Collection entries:
*** Begin section ***

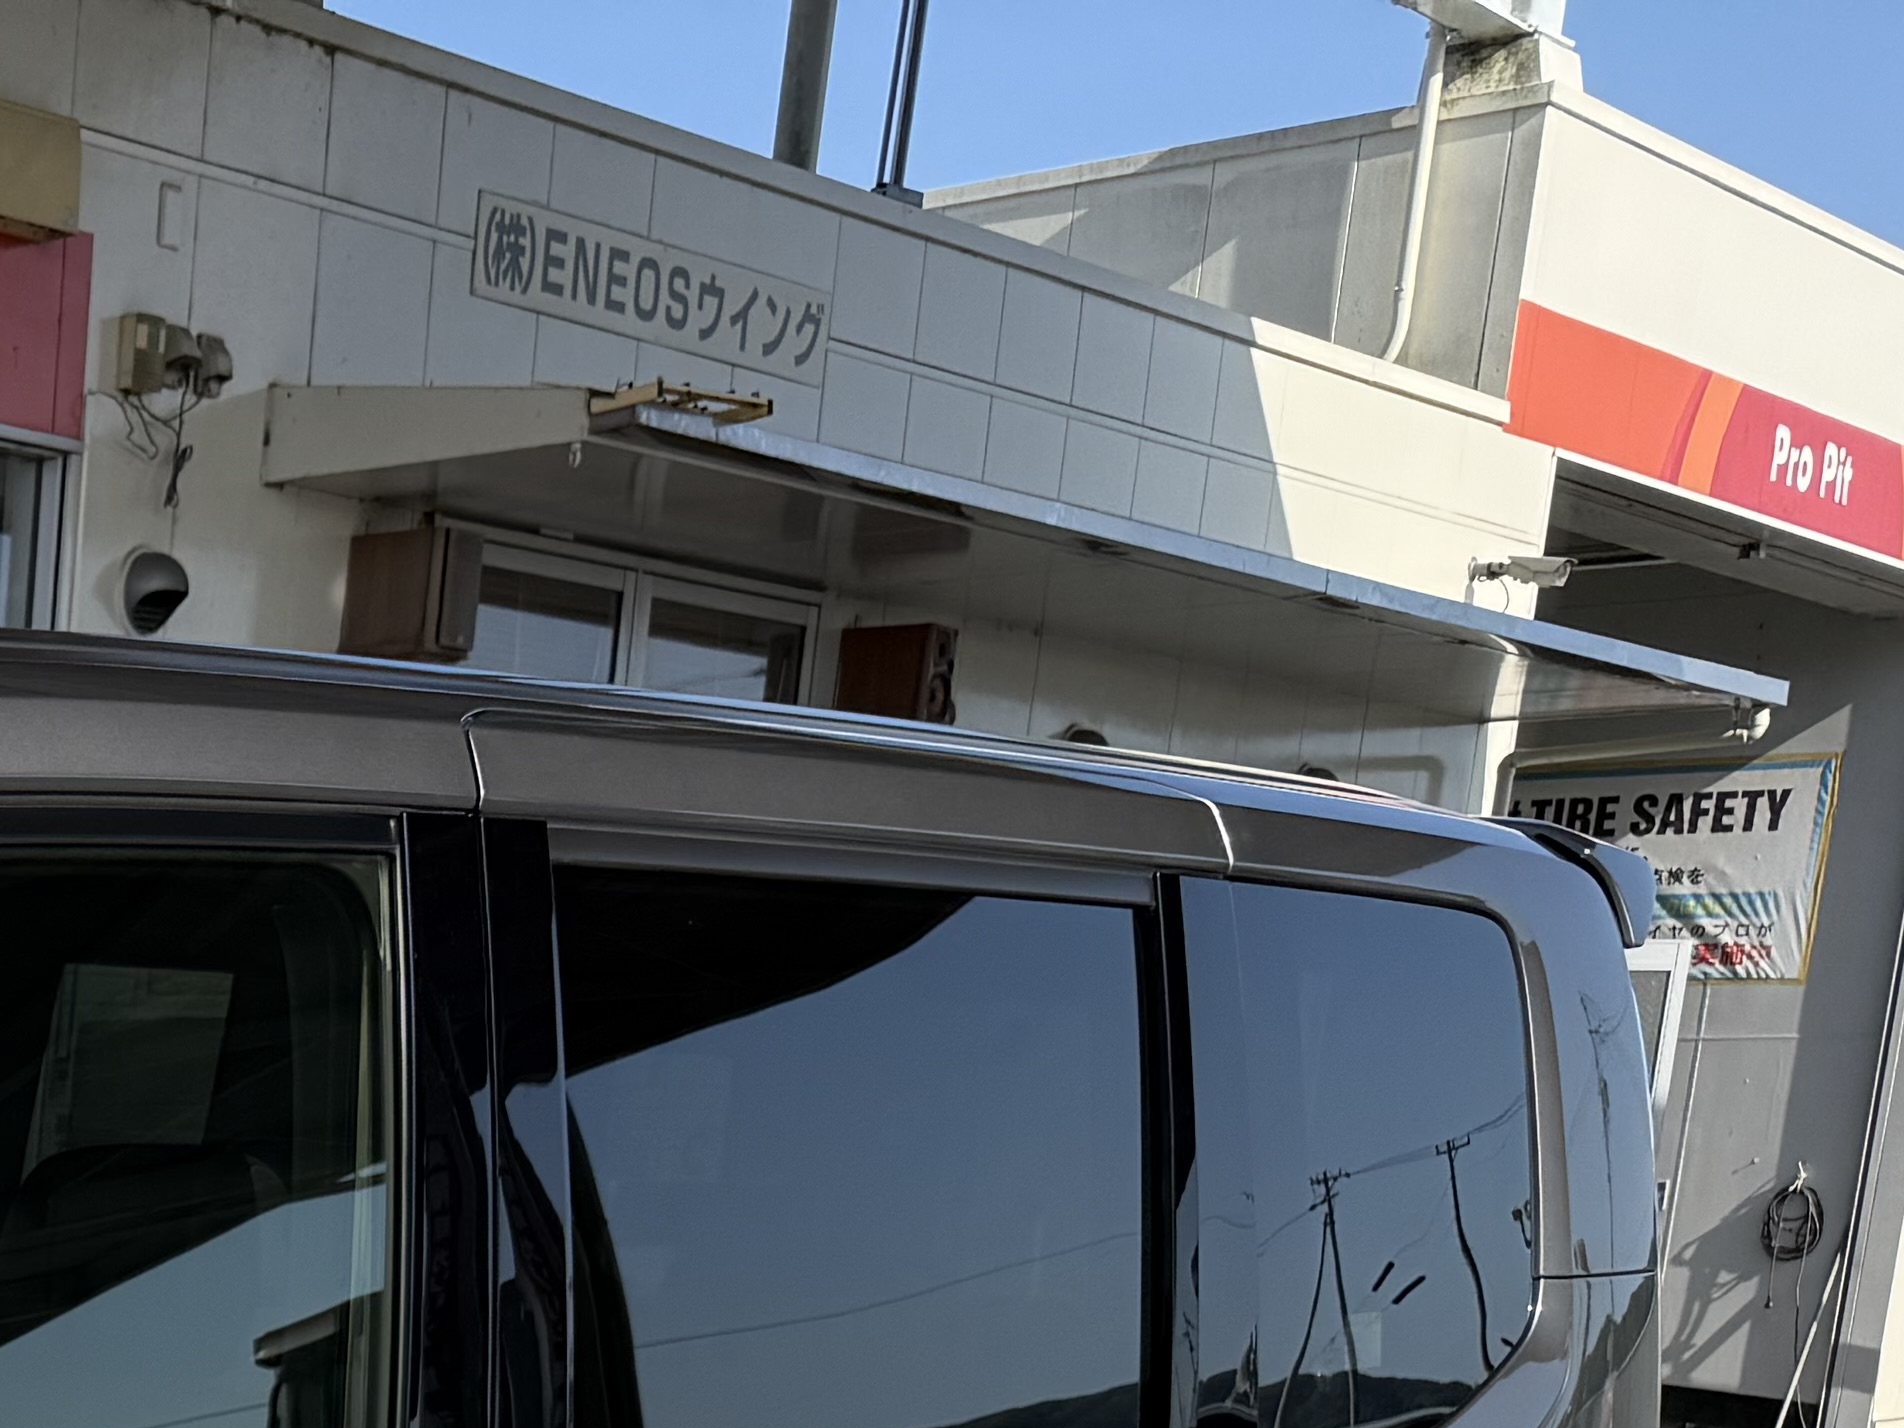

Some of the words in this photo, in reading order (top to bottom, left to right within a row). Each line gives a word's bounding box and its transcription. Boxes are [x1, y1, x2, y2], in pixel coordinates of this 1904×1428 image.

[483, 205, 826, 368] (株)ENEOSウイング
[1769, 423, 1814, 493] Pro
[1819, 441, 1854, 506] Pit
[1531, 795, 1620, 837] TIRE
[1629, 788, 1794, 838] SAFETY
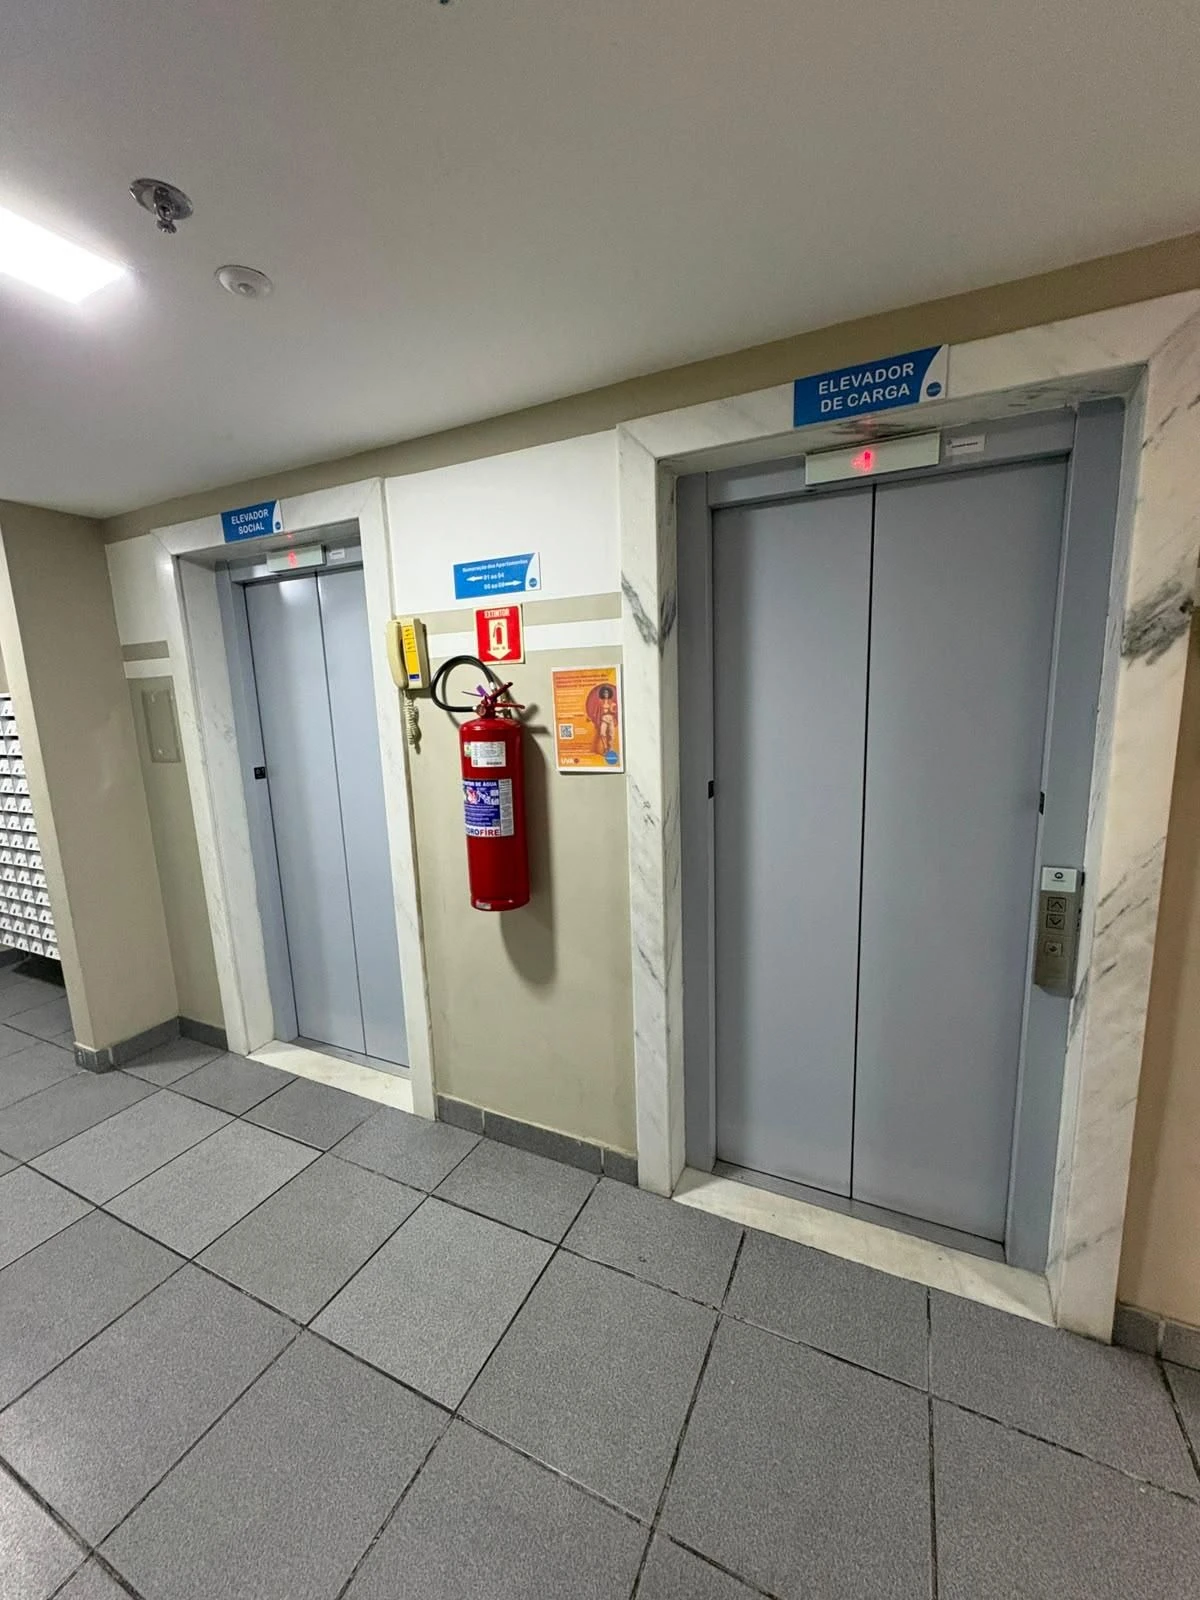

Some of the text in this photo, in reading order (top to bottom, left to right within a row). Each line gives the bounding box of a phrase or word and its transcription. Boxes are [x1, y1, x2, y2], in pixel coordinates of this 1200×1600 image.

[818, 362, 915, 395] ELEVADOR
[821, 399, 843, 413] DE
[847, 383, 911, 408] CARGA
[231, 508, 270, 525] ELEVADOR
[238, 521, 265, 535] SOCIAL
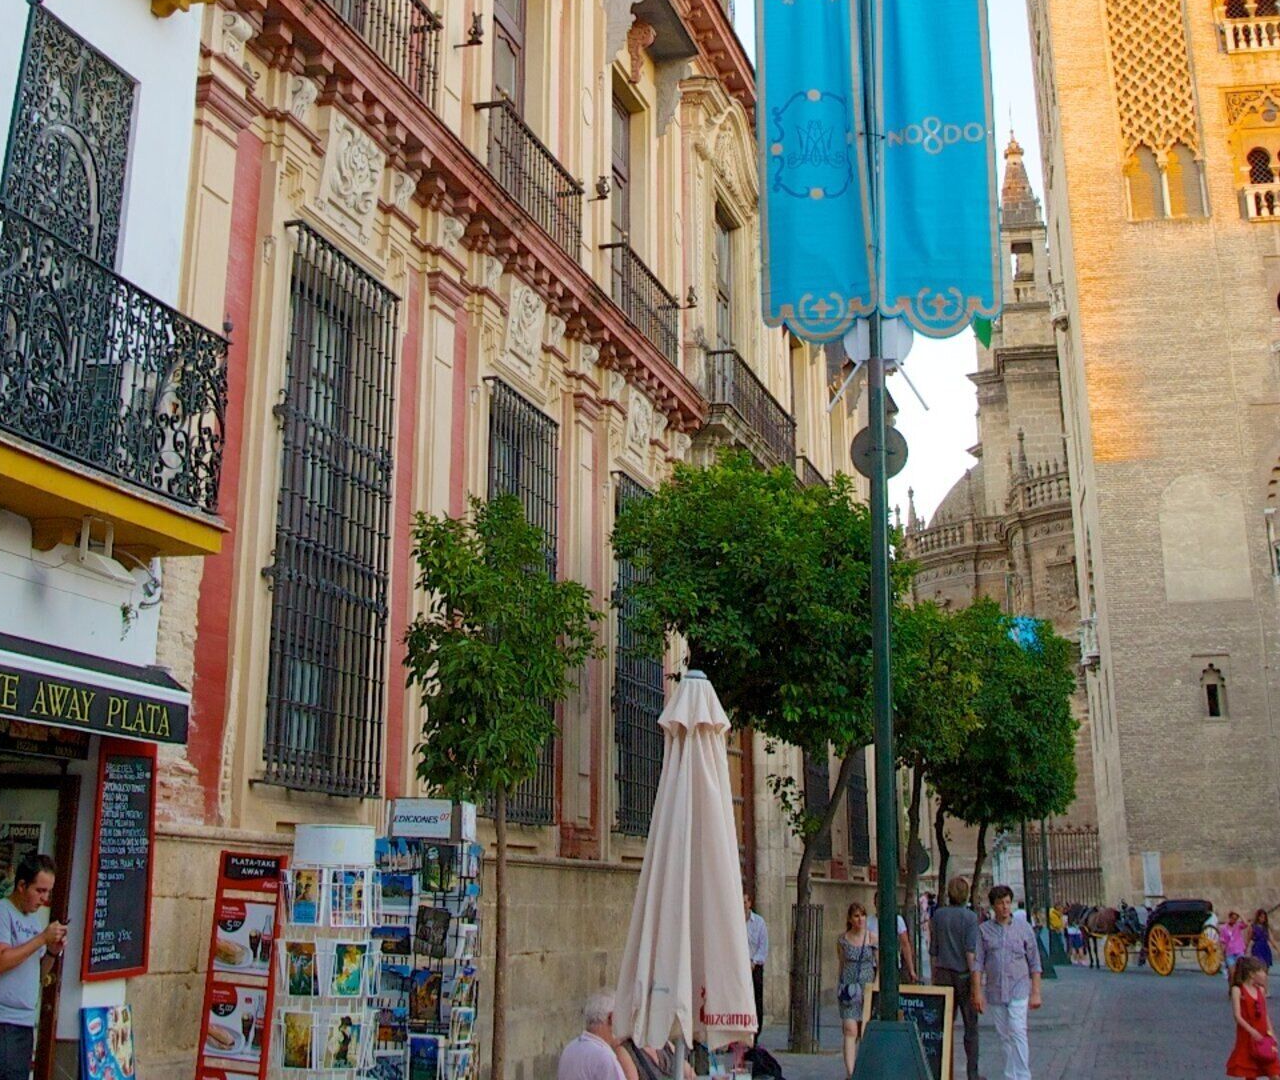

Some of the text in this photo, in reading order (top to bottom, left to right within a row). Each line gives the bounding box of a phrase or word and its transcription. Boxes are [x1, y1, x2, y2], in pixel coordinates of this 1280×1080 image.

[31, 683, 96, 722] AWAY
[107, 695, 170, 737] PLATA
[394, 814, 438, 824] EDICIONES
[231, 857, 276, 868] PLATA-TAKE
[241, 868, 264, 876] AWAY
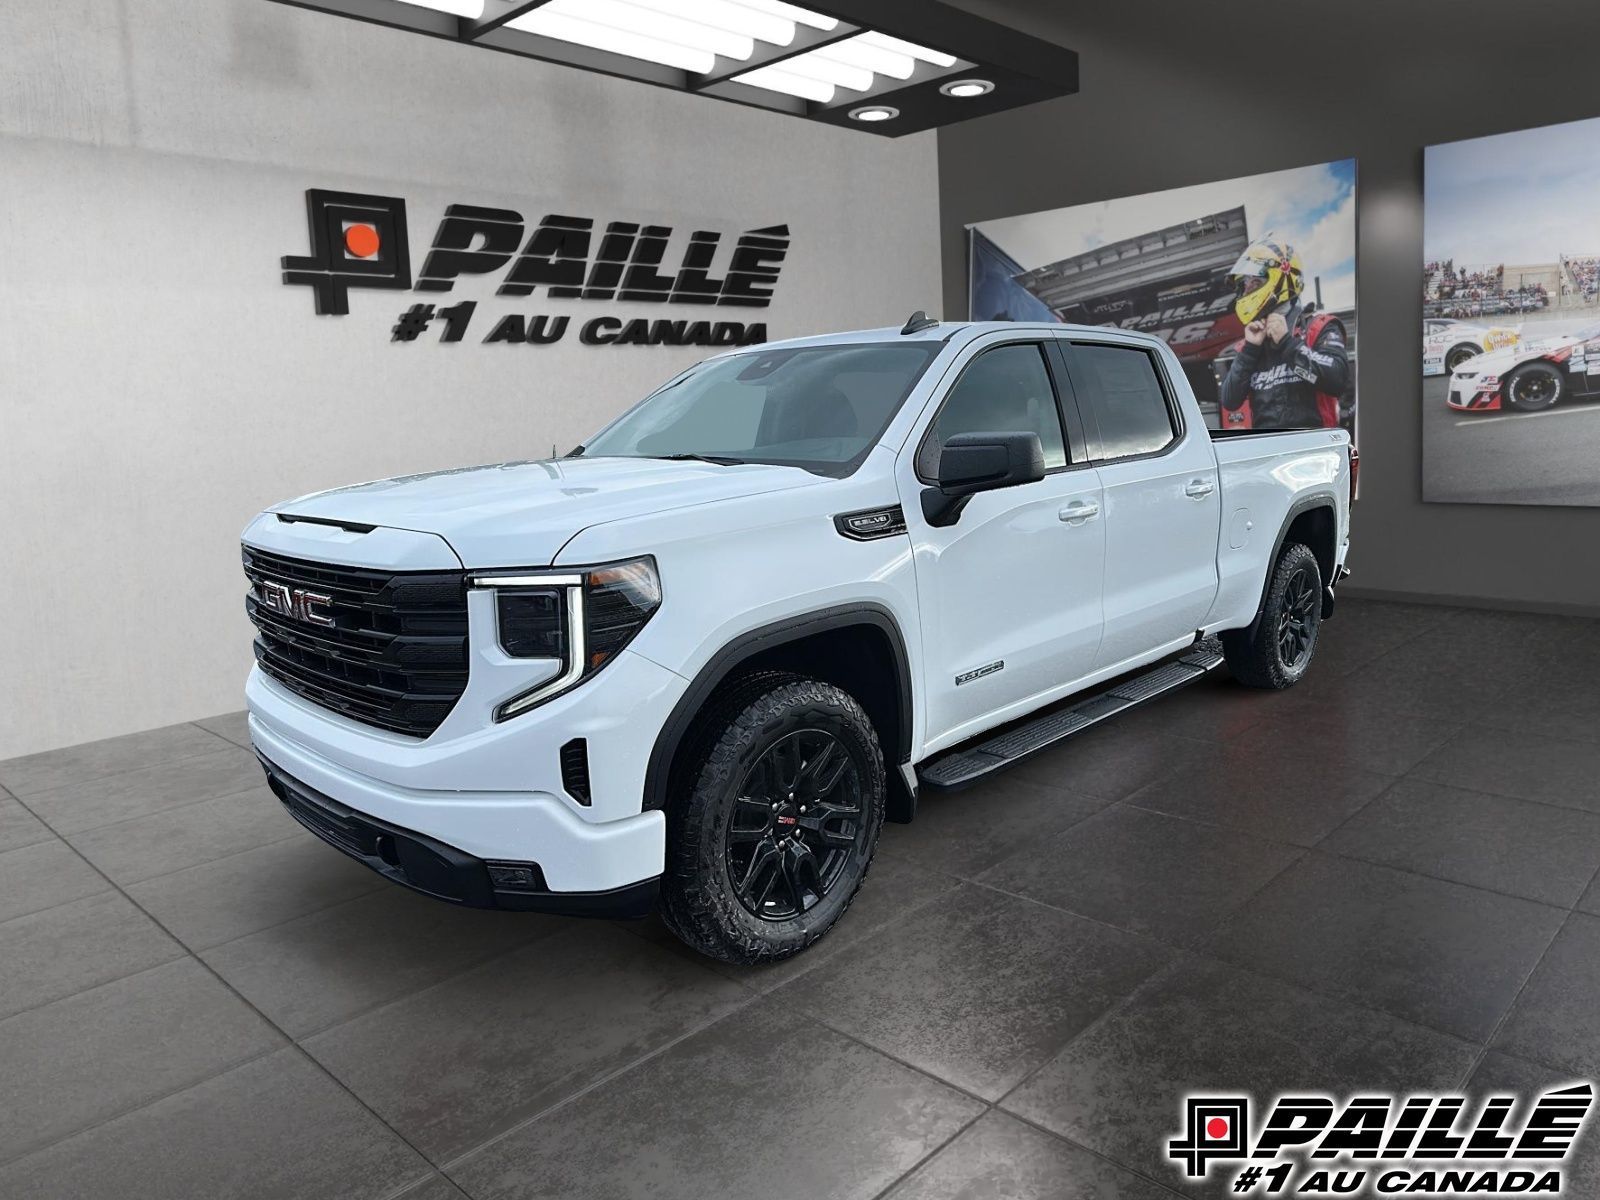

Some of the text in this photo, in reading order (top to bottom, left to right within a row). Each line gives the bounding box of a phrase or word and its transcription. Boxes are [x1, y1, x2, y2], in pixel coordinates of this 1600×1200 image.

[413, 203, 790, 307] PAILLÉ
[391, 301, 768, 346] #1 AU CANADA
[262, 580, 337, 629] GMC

*** End section ***

> [WHAT IS BEING ASKED] Retype the data exactly; images stay out.

> [EXERCISE RESPONSE]
Some of the words in this photo, in reading order (top to bottom, left to right within a row). Each line gives a word's bounding box and its transcription. Boxes are [x1, y1, x2, y2], in pixel coordinates of this 1904×1428 image.

[483, 205, 826, 368] (株)ENEOSウイング
[1769, 423, 1814, 493] Pro
[1819, 441, 1854, 506] Pit
[1531, 795, 1620, 837] TIRE
[1629, 788, 1794, 838] SAFETY

Some of the text in this photo, in reading order (top to bottom, left to right within a row). Each line gives the bounding box of a phrase or word and its transcription. Boxes are [x1, y1, x2, y2], in pixel coordinates of this 1200×1600 image.

[818, 362, 915, 395] ELEVADOR
[821, 399, 843, 413] DE
[847, 383, 911, 408] CARGA
[231, 508, 270, 525] ELEVADOR
[238, 521, 265, 535] SOCIAL

Some of the text in this photo, in reading order (top to bottom, left to right within a row). Each line gives the bounding box of a phrase or word and its transcription. Boxes are [x1, y1, x2, y2], in pixel coordinates of this 1280×1080 image.

[31, 683, 96, 722] AWAY
[107, 695, 170, 737] PLATA
[394, 814, 438, 824] EDICIONES
[231, 857, 276, 868] PLATA-TAKE
[241, 868, 264, 876] AWAY

Some of the text in this photo, in reading order (top to bottom, left to right within a row). Each line gives the bounding box of a phrase or word and its transcription. Boxes are [x1, y1, x2, y2], in pixel coordinates of this 1600×1200 image.

[413, 203, 790, 307] PAILLÉ
[391, 301, 768, 346] #1 AU CANADA
[262, 580, 337, 629] GMC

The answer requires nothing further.